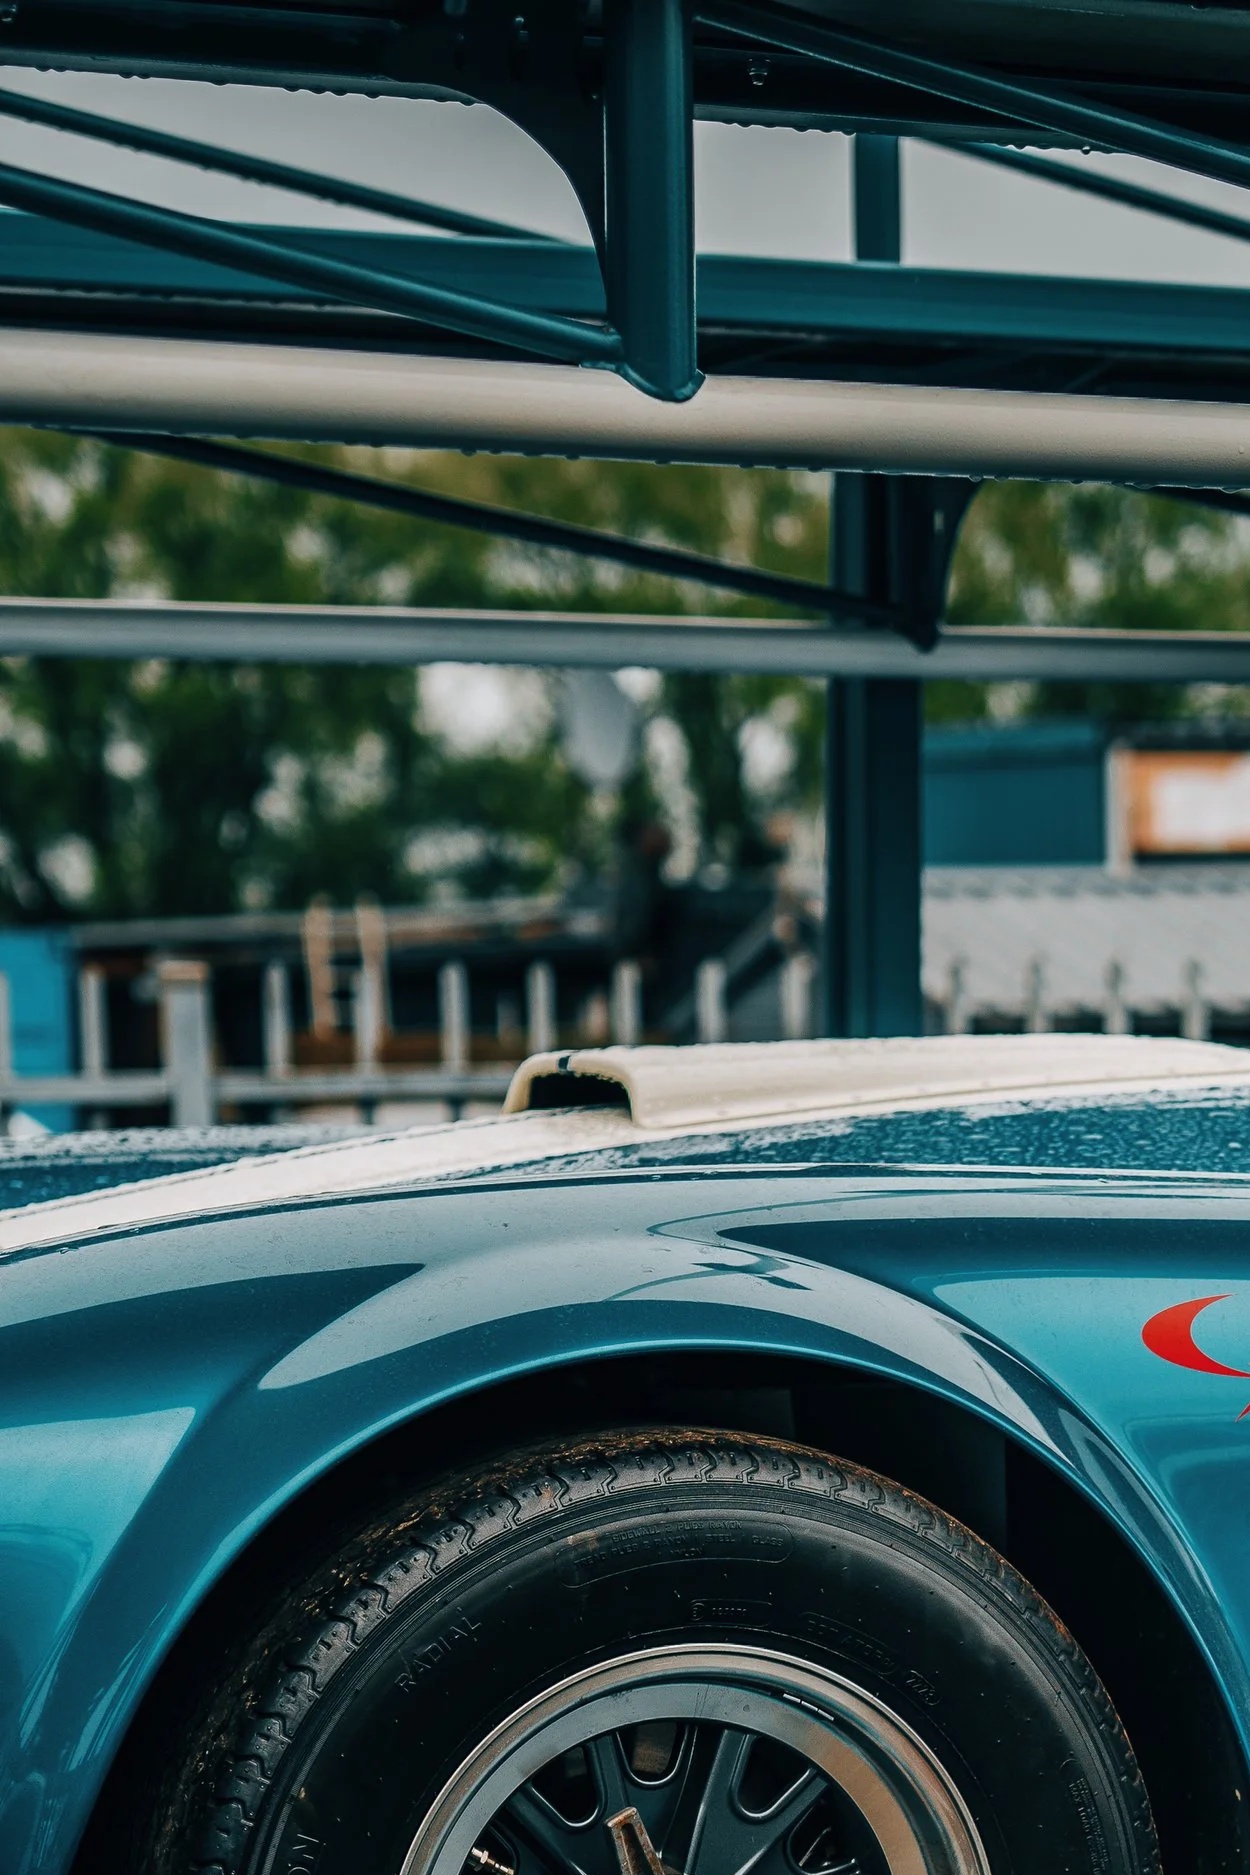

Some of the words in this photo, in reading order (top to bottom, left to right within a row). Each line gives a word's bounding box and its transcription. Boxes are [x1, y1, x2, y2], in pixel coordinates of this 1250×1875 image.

[612, 1527, 661, 1543] SIDEWALL
[709, 1520, 742, 1530] RAYON
[705, 1533, 735, 1543] STEEL
[394, 1616, 483, 1695] RADIAL
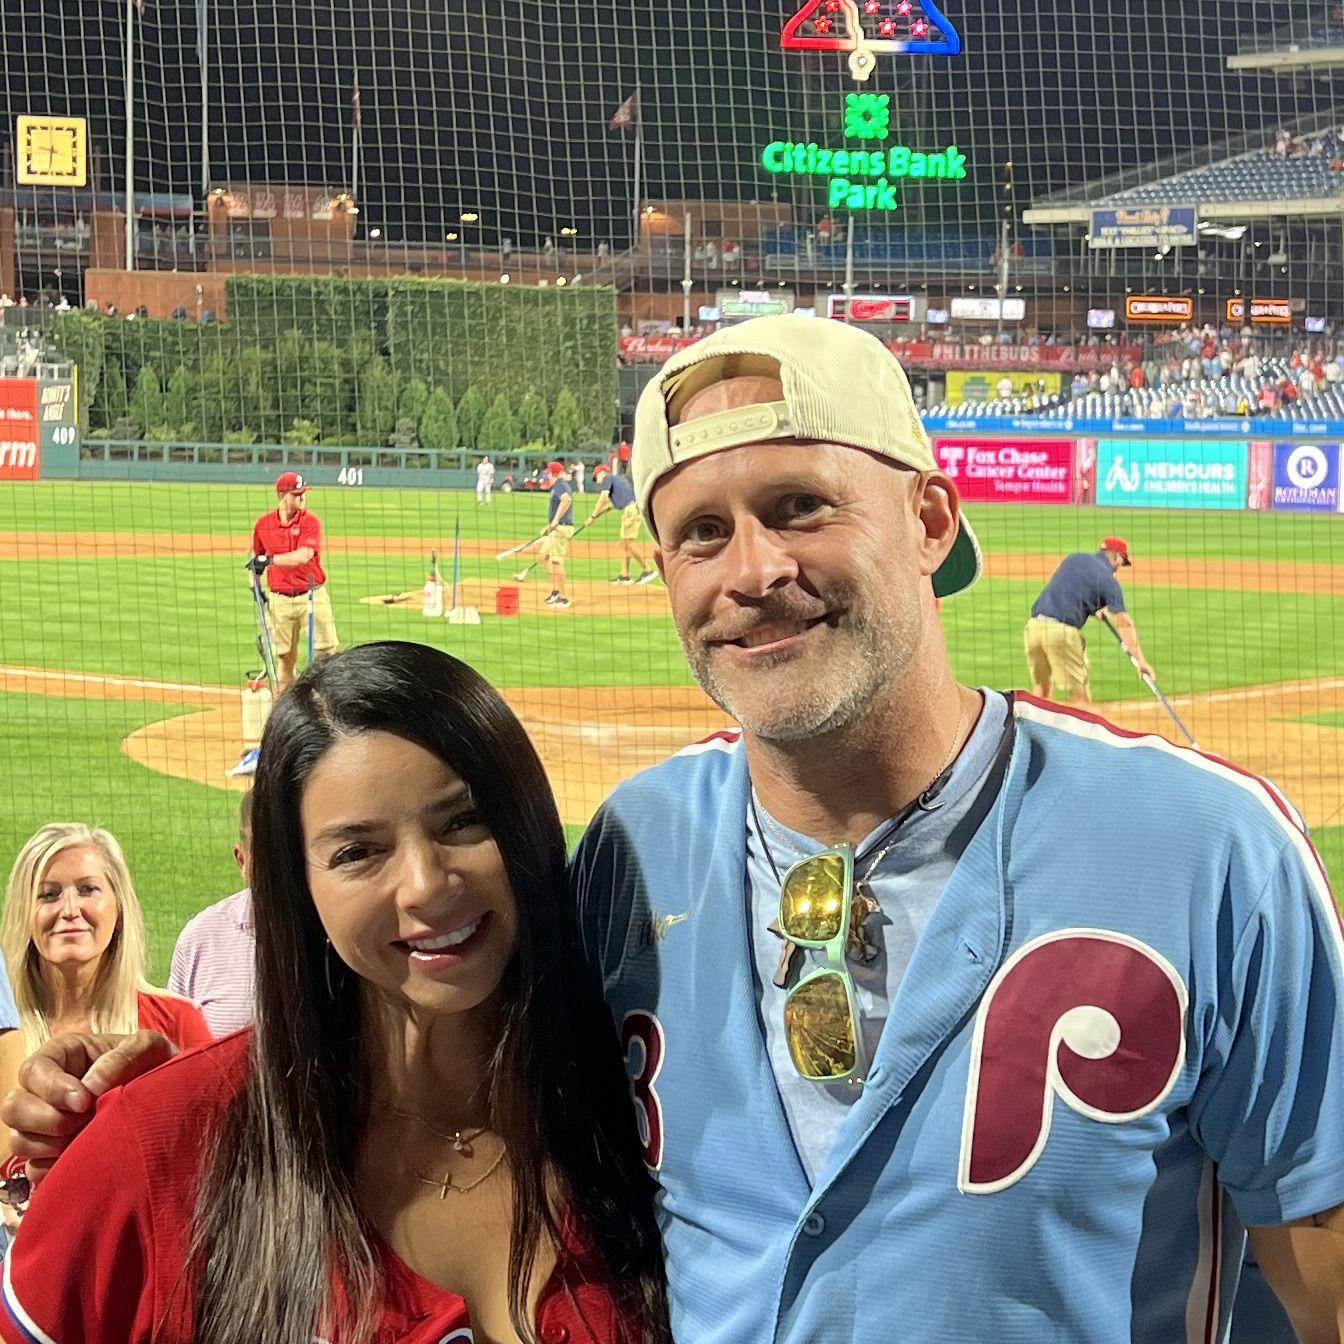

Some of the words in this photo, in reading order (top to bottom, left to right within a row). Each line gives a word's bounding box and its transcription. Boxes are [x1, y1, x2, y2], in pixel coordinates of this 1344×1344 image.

[762, 140, 886, 177] Citizens
[889, 145, 967, 180] Bank
[828, 177, 897, 211] Park
[52, 427, 76, 445] 409
[966, 447, 995, 464] Fox
[998, 447, 1049, 464] Chase
[338, 467, 364, 486] 401
[965, 464, 1016, 478] Cancer
[1017, 464, 1068, 479] Center
[1144, 462, 1236, 481] NEMOURS
[957, 928, 1188, 1196] P
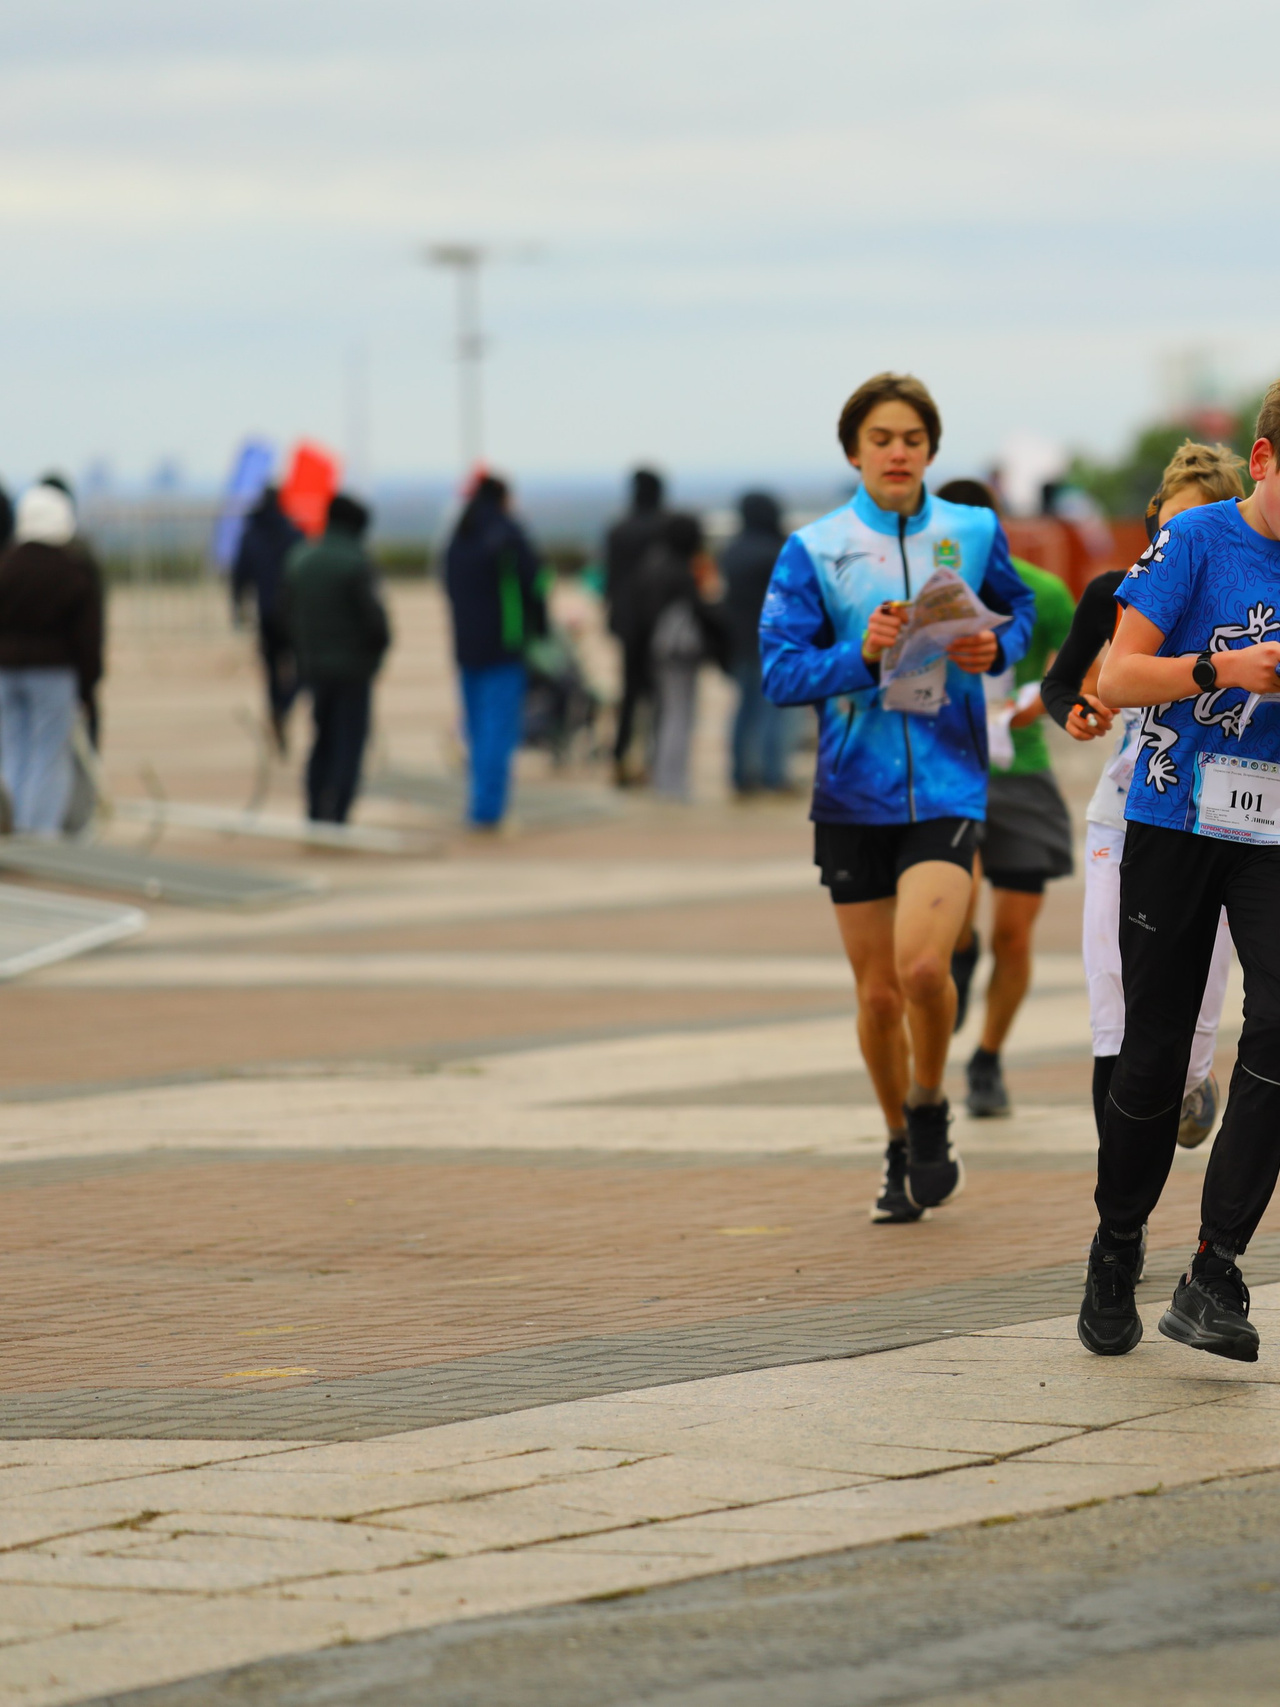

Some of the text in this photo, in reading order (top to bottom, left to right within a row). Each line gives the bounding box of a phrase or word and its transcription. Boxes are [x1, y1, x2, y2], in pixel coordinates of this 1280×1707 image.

[1230, 789, 1263, 813] 101
[1244, 814, 1250, 822] 5
[1251, 816, 1275, 826] линия
[1200, 824, 1252, 837] ПЕРВЕНСТВО РОССИИ
[1128, 915, 1156, 932] NORDSKI
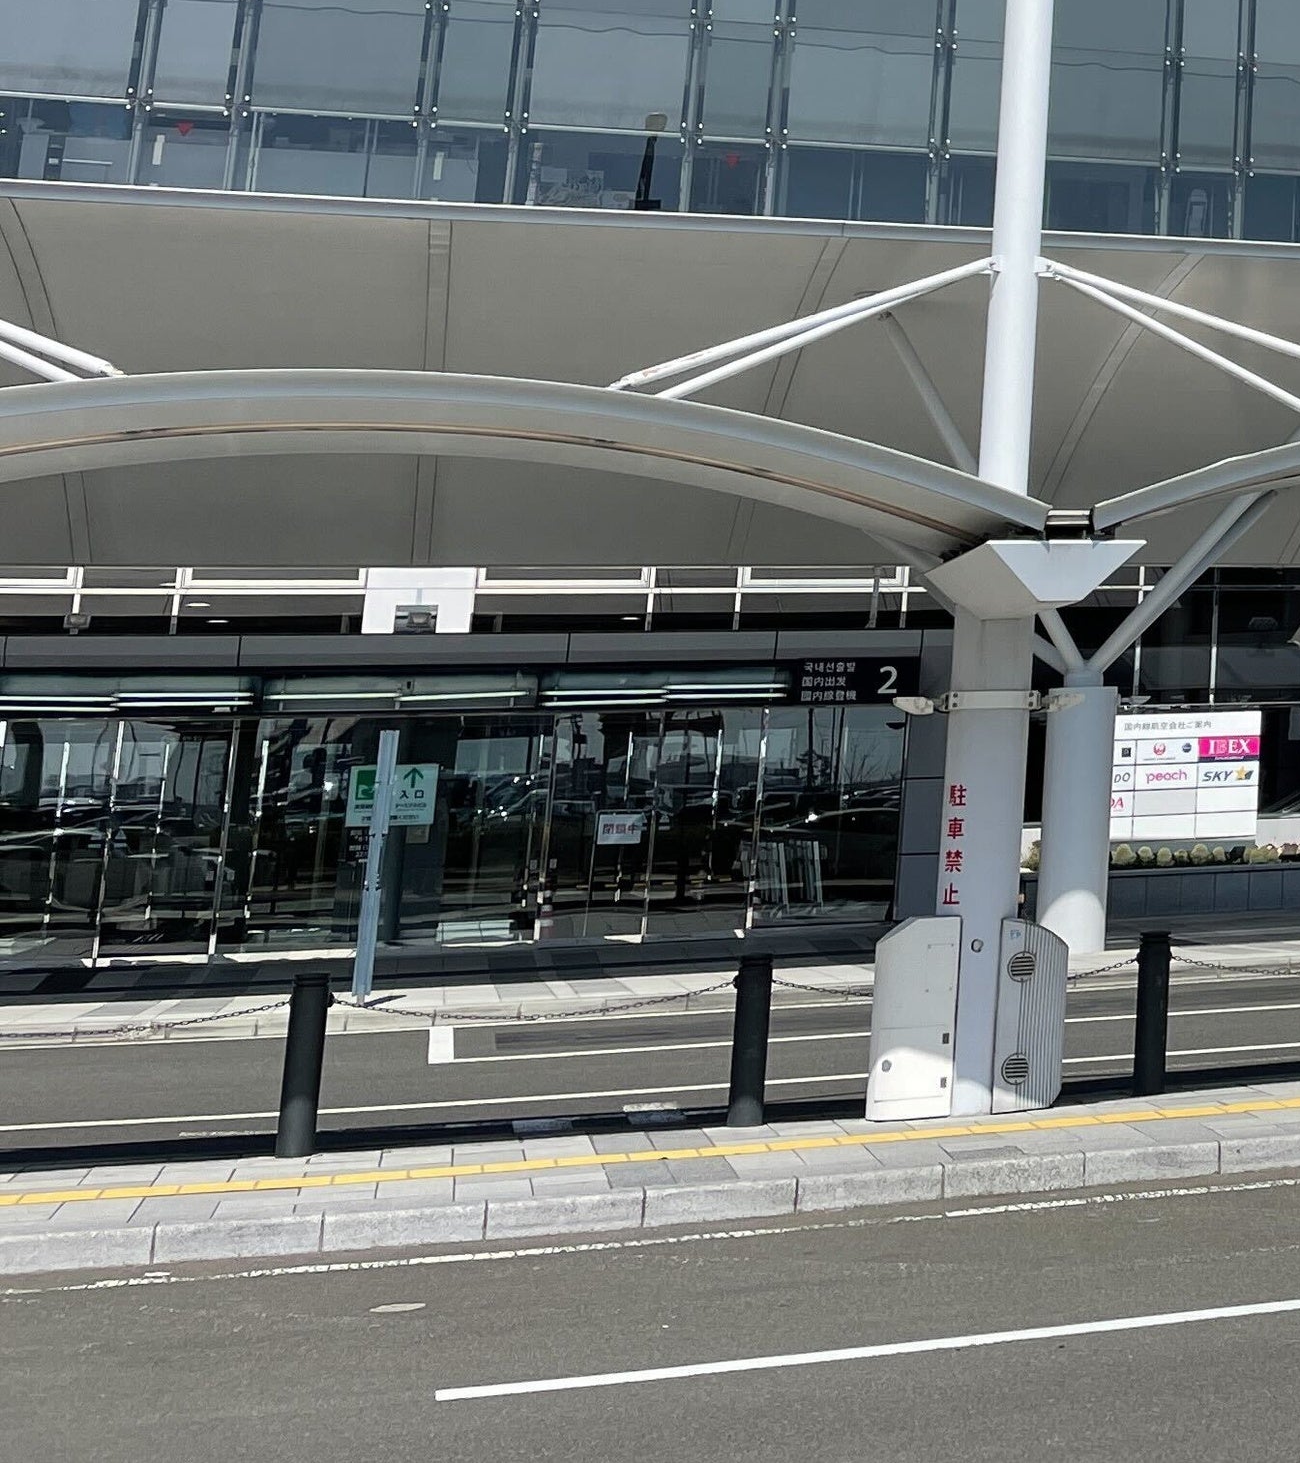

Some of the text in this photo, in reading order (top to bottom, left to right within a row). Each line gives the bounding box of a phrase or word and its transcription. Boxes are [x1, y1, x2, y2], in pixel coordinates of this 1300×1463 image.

[877, 665, 898, 694] 2
[1208, 738, 1251, 755] IBEX
[1145, 768, 1188, 785] peach
[1202, 769, 1234, 782] SKY
[399, 789, 425, 799] 入口
[942, 784, 967, 905] 駐車禁止

=== Task to carry out ===
What this calls for is a word-for-word copy of the listing above, pictures excluded.

=== Written reply ===
Some of the words in this photo, in reading order (top to bottom, left to right within a row). Each line gives a word's bounding box and its transcription. Boxes are [x1, y1, x2, y2], in pixel coordinates of this 1250×1875 image.

[612, 1527, 661, 1543] SIDEWALL
[709, 1520, 742, 1530] RAYON
[705, 1533, 735, 1543] STEEL
[394, 1616, 483, 1695] RADIAL

Some of the words in this photo, in reading order (top to bottom, left to right within a row). Each line gives a word's bounding box and its transcription. Boxes are [x1, y1, x2, y2], in pixel coordinates of this 1344×1344 image.

[762, 140, 886, 177] Citizens
[889, 145, 967, 180] Bank
[828, 177, 897, 211] Park
[52, 427, 76, 445] 409
[966, 447, 995, 464] Fox
[998, 447, 1049, 464] Chase
[338, 467, 364, 486] 401
[965, 464, 1016, 478] Cancer
[1017, 464, 1068, 479] Center
[1144, 462, 1236, 481] NEMOURS
[957, 928, 1188, 1196] P

Some of the text in this photo, in reading order (top to bottom, left to right within a row). Each line gives the bounding box of a phrase or word and its transcription. Boxes are [x1, y1, x2, y2], in pixel coordinates of this 1280×1707 image.

[1230, 789, 1263, 813] 101
[1244, 814, 1250, 822] 5
[1251, 816, 1275, 826] линия
[1200, 824, 1252, 837] ПЕРВЕНСТВО РОССИИ
[1128, 915, 1156, 932] NORDSKI

Some of the text in this photo, in reading order (top to bottom, left to right within a row). Each line gives the bounding box of a phrase or word and its transcription. Boxes are [x1, y1, x2, y2], in pixel coordinates of this 1300×1463 image.

[877, 665, 898, 694] 2
[1208, 738, 1251, 755] IBEX
[1145, 768, 1188, 785] peach
[1202, 769, 1234, 782] SKY
[399, 789, 425, 799] 入口
[942, 784, 967, 905] 駐車禁止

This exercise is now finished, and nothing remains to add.